Effects of on-demand beta2-agonist inhalation in moderate-to-severe asthma. A randomized controlled trial.

By: Richter B, Bender R, Berger M.

J Intern Med 2000 Jun;247(6):657-66

BACKGROUND: The appropriate use of short-acting beta2-agonist inhalation in asthma has been the subject of controversy in recent years. Limited information is available for the group of moderate to severe asthmatics with high intake of bronchodilator inhalants and continuous anti-inflammatory protection. OBJECTIVE: To investigate the effects of beta2-agonist reduction in marked asthma treated with multiple asthma medications.
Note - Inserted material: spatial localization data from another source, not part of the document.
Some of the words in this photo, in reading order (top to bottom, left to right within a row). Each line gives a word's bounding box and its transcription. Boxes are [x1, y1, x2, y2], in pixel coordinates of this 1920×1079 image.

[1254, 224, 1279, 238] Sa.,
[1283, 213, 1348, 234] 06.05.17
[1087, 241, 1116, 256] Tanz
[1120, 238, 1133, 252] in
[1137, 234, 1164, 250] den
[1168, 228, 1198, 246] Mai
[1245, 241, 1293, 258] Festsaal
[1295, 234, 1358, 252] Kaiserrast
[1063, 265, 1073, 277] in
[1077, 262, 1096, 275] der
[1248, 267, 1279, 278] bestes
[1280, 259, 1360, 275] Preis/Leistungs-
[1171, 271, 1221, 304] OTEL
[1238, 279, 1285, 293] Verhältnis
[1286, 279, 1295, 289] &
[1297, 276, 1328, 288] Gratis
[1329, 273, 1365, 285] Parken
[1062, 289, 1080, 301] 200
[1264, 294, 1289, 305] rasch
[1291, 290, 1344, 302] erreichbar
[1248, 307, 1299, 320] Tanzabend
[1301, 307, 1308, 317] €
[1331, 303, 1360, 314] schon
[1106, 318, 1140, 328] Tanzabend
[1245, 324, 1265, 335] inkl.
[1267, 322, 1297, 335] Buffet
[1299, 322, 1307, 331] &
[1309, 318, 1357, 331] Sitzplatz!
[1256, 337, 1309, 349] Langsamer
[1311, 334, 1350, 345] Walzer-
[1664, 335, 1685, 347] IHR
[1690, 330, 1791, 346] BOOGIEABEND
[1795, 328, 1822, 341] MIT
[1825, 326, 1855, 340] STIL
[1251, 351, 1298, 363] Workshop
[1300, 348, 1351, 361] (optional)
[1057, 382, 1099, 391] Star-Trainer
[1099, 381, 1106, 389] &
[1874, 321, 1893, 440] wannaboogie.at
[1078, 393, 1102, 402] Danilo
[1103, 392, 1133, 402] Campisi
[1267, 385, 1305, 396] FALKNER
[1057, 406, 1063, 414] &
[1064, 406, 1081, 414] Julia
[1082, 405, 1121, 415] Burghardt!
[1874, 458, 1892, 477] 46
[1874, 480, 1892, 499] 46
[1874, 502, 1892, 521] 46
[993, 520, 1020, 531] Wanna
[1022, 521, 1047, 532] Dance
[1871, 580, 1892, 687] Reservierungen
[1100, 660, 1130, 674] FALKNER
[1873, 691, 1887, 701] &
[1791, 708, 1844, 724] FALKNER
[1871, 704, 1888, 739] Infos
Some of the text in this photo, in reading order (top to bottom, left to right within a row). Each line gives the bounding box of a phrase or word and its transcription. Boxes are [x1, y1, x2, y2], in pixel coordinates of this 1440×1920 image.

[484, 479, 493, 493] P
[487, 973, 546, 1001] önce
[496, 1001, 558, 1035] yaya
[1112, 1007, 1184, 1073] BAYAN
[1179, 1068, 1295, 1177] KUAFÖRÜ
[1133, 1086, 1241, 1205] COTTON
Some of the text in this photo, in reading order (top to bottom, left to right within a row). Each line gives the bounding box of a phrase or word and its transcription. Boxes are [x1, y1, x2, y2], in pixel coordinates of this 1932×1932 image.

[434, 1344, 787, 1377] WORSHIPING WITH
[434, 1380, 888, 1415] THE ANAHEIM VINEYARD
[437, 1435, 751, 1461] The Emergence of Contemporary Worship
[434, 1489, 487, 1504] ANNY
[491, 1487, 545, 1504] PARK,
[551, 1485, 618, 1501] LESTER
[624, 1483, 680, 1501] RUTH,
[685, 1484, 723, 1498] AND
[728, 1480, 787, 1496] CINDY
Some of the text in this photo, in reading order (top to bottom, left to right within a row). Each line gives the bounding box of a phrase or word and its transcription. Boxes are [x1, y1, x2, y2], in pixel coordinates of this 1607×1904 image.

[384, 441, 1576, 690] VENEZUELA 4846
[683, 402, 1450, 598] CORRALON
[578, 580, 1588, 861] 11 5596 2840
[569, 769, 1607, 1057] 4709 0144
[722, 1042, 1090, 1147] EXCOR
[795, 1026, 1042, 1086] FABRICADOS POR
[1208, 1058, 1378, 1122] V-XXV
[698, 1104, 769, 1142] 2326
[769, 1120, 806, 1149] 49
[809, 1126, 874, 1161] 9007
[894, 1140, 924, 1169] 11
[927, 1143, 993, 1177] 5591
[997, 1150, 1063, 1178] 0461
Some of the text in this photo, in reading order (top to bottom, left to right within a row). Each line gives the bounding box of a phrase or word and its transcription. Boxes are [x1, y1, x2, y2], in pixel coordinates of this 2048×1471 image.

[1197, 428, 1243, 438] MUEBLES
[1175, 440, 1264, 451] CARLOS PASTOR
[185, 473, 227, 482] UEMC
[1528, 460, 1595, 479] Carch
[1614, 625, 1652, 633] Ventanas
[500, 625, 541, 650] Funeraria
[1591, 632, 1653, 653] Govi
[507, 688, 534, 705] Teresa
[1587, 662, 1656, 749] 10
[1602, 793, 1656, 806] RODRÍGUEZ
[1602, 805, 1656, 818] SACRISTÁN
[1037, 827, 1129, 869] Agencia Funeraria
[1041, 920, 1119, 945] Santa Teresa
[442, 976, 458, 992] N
DESIGN: Randomized, controlled single-blind, cross-over trial. SETTING: Outpatient clinic at a university medical centre. SUBJECTS: A total of 80 adult patients with moderate-to-severe asthma. INTERVENTIONS: In a 1-year study patients were assigned to on-demand vs. regular beta2-agonist inhalation treatment. MAIN OUTCOME MEASURES: Asthmatic episodes (primary outcome), symptoms, peak expiratory flow rates (PEF) and drug use were recorded daily. Bronchodilator and airway responsiveness, lung function indices and quality of life were assessed during five clinic visits. Also, practicability of beta2-agonist tapering in multimedicated asthmatics was analysed. RESULTS: More than 80% of moderate-to-severe asthmatics were able to reduce their beta2-agonist intake by >/=50%. Puffs per day of active therapy decreased from 7.9 in regular to 3.3 in on-demand treated patients (P = 0.0001). The type of beta2-agonist used (salbutamol/fenoterol) had no significant impact on the study findings. Almost all parameters of control of asthma improved during the on-demand treatment period. CONCLUSION: On-demand inhalation of short-acting beta2-agonists in moderate-to-severe asthma is safe, and even in severe asthma a reduction from regular to on-demand beta2-agonist inhalation is possible, with improved asthma control.